INSTRUCTIONS FOR THE TASK - Please copy all of the data that follows exactly, leaving any pictures out.

Text-to-region grounding data

=== Begin Enclosure ===

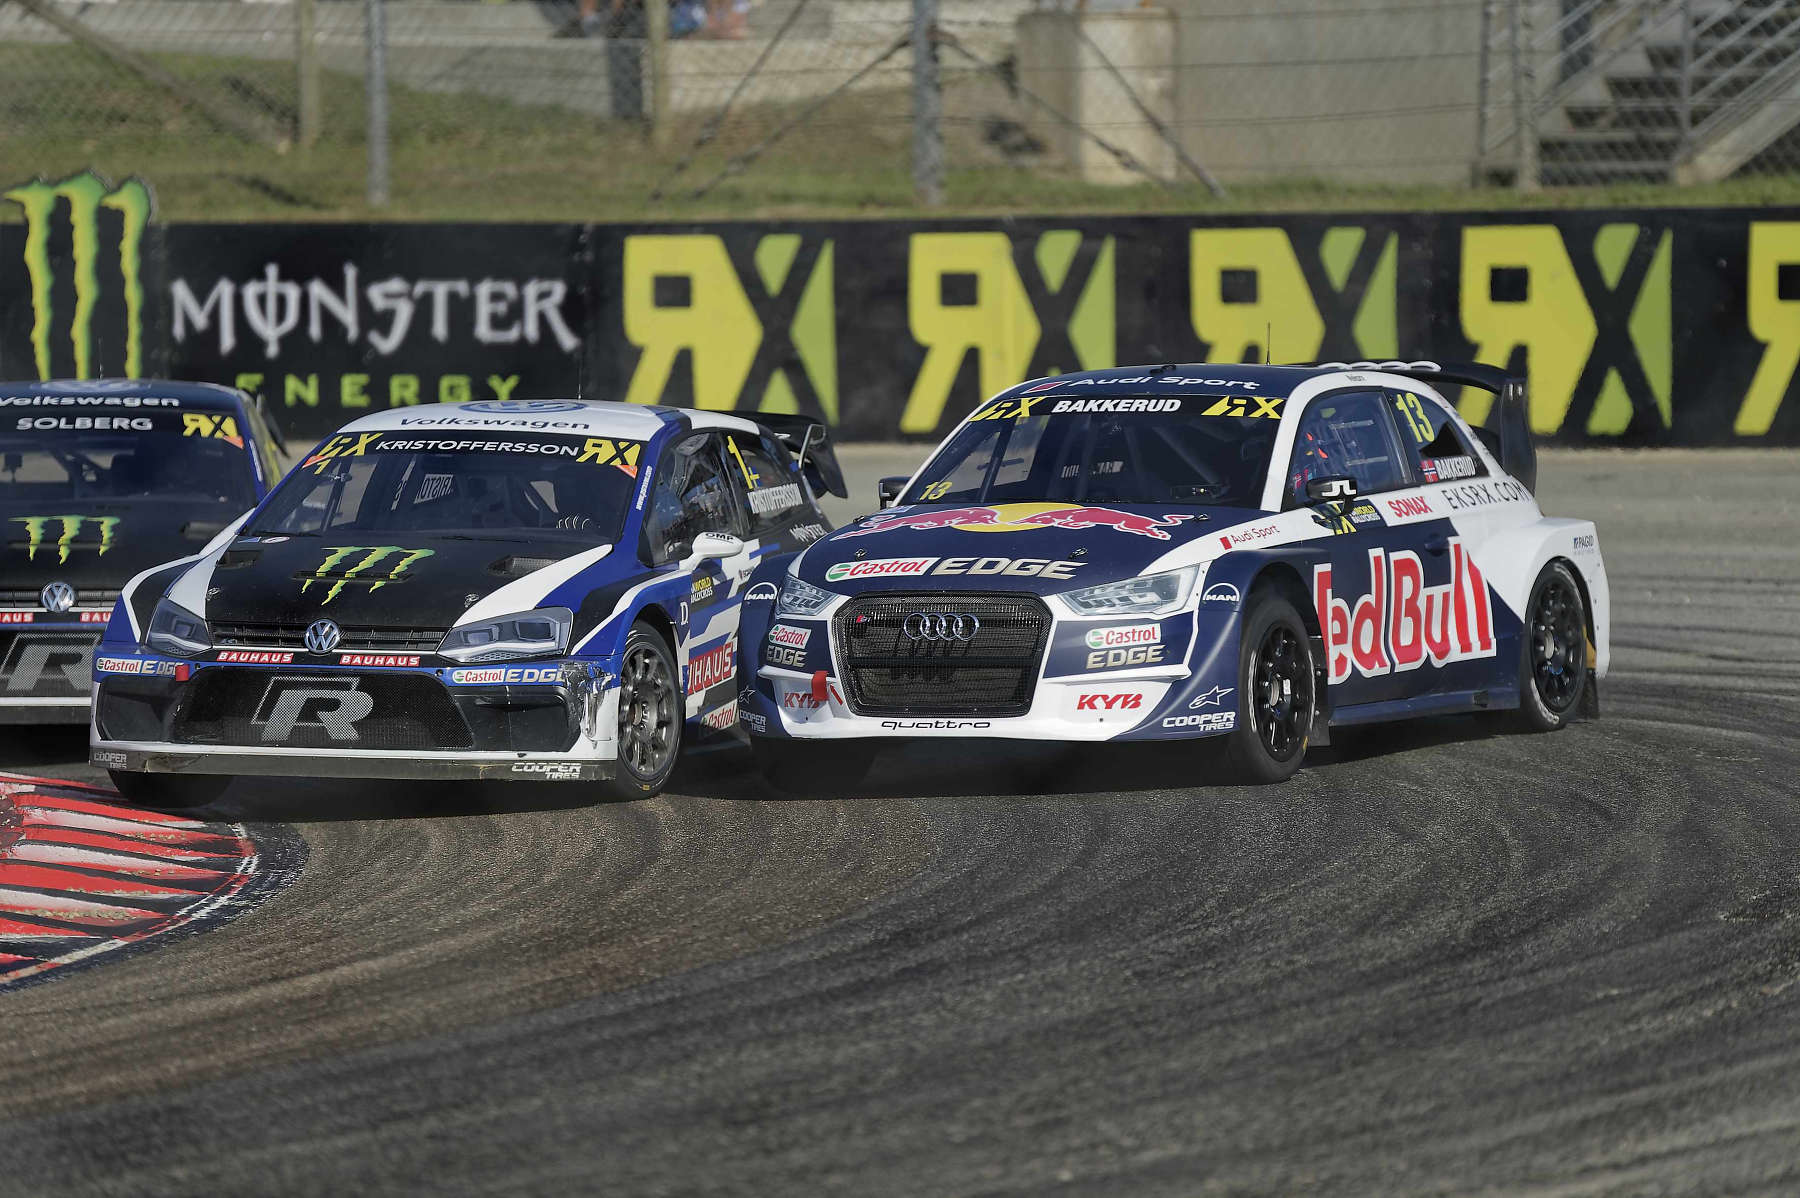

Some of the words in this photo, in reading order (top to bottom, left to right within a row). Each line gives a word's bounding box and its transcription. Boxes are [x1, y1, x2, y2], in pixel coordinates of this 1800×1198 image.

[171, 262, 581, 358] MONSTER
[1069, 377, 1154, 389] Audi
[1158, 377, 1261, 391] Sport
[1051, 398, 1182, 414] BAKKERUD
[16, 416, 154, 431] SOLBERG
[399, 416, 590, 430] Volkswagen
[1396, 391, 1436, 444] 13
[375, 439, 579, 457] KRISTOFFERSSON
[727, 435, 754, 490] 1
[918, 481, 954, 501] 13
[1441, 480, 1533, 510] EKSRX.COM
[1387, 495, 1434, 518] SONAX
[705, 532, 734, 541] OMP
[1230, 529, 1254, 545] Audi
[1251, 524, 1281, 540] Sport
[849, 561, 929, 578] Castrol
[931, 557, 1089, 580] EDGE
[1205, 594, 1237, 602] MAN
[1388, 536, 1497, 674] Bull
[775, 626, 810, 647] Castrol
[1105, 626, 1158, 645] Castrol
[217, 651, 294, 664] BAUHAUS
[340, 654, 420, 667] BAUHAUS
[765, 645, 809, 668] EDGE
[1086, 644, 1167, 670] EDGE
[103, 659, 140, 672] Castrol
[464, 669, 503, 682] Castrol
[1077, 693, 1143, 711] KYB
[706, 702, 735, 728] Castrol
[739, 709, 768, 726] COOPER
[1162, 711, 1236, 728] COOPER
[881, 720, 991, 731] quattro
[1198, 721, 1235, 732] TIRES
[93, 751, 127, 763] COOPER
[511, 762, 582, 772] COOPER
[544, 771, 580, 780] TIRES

=== End Enclosure ===

TASK RESULT -
Some of the words in this photo, in reading order (top to bottom, left to right within a row). Each line gives a word's bounding box and its transcription. Boxes are [x1, y1, x2, y2], in pixel coordinates of this 1800×1198 image.

[171, 262, 581, 358] MONSTER
[1069, 377, 1154, 389] Audi
[1158, 377, 1261, 391] Sport
[1051, 398, 1182, 414] BAKKERUD
[16, 416, 154, 431] SOLBERG
[399, 416, 590, 430] Volkswagen
[1396, 391, 1436, 444] 13
[375, 439, 579, 457] KRISTOFFERSSON
[727, 435, 754, 490] 1
[918, 481, 954, 501] 13
[1441, 480, 1533, 510] EKSRX.COM
[1387, 495, 1434, 518] SONAX
[705, 532, 734, 541] OMP
[1230, 529, 1254, 545] Audi
[1251, 524, 1281, 540] Sport
[849, 561, 929, 578] Castrol
[931, 557, 1089, 580] EDGE
[1205, 594, 1237, 602] MAN
[1388, 536, 1497, 674] Bull
[775, 626, 810, 647] Castrol
[1105, 626, 1158, 645] Castrol
[217, 651, 294, 664] BAUHAUS
[340, 654, 420, 667] BAUHAUS
[765, 645, 809, 668] EDGE
[1086, 644, 1167, 670] EDGE
[103, 659, 140, 672] Castrol
[464, 669, 503, 682] Castrol
[1077, 693, 1143, 711] KYB
[706, 702, 735, 728] Castrol
[739, 709, 768, 726] COOPER
[1162, 711, 1236, 728] COOPER
[881, 720, 991, 731] quattro
[1198, 721, 1235, 732] TIRES
[93, 751, 127, 763] COOPER
[511, 762, 582, 772] COOPER
[544, 771, 580, 780] TIRES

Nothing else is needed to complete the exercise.